MALU: - Então... tenho 22, parei de estudar porque era muito complicado, sabe como que é? Ai, eu acho um “porre” a escola sabe? Agora vou tentar, sei lá, acho que vou tentar arrumar um emprego, tô pensando ainda o que eu gosto de fazer... mas “meu”, é como a Nina fala, até que isso eu concordo, é tudo super complicado sabe...

TITO: - Que pena que você pensa assim Malu, você é tão nova...

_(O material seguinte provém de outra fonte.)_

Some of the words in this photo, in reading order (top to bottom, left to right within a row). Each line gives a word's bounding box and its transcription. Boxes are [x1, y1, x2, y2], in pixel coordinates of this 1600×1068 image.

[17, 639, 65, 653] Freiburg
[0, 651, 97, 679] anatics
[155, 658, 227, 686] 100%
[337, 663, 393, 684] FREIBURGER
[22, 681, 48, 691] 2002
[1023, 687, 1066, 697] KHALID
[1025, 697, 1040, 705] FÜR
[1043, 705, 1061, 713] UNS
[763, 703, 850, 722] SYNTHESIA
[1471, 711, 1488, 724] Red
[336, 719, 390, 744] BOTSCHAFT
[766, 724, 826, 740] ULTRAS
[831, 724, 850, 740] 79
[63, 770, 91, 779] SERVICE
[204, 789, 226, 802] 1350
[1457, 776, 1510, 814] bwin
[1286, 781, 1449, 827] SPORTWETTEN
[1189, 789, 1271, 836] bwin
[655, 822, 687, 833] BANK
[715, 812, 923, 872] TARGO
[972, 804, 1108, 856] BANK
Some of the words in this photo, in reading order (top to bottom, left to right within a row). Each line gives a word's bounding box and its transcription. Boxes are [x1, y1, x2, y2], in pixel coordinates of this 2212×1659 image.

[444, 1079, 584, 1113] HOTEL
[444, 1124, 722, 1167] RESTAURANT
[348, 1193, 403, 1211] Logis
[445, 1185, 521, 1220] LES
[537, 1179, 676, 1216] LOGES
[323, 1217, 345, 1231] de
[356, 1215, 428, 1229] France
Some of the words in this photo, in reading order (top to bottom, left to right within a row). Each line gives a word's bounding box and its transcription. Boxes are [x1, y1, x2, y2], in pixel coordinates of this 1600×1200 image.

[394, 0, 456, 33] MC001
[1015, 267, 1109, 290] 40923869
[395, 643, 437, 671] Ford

NINA: - Peraí Tito... Como é que você estuda? Trabalha? Não acredito... Como faz isso sendo assim?

TITO: - Ah, Nina, acabei me adaptando, mudei alguns hábitos, aprendi a mexer com apenas um lado do corpo, até aprendi “braile”, e muitas outras coisas...

NINA: - Braile? Aqueles pontinhos? Nossa! Ai Tito, tô tão preocupada com você...

TITO: Mas você ainda não me contou o que tem feito... tem trabalhado? Tem ido à missa? Lembra quando você participava do teatro na missa dos filhotes? Como era lindo ver aquele monte de bichinhos, tão pequeninos olhando, rindo, participando, aprendendo...

NINA: - Nossa! É verdade... eu tinha até esquecido... bom, tô trabalhando numa firma de quebrar coco pra macaco. Ah, essa firma é muito chata, período integral, acredita? Das 8 da manhã até às 5 da tarde, faz uma ideia de como eu tô cansada? Bom e na missa, quer ver [fica fazendo cálculos com os dedos] ai, faz tempo que eu não vou, viu, não consegui arrumar tempo ainda... Quando acordo pronto, a missa já começou e à noite me dá uma preguiça... é complicado...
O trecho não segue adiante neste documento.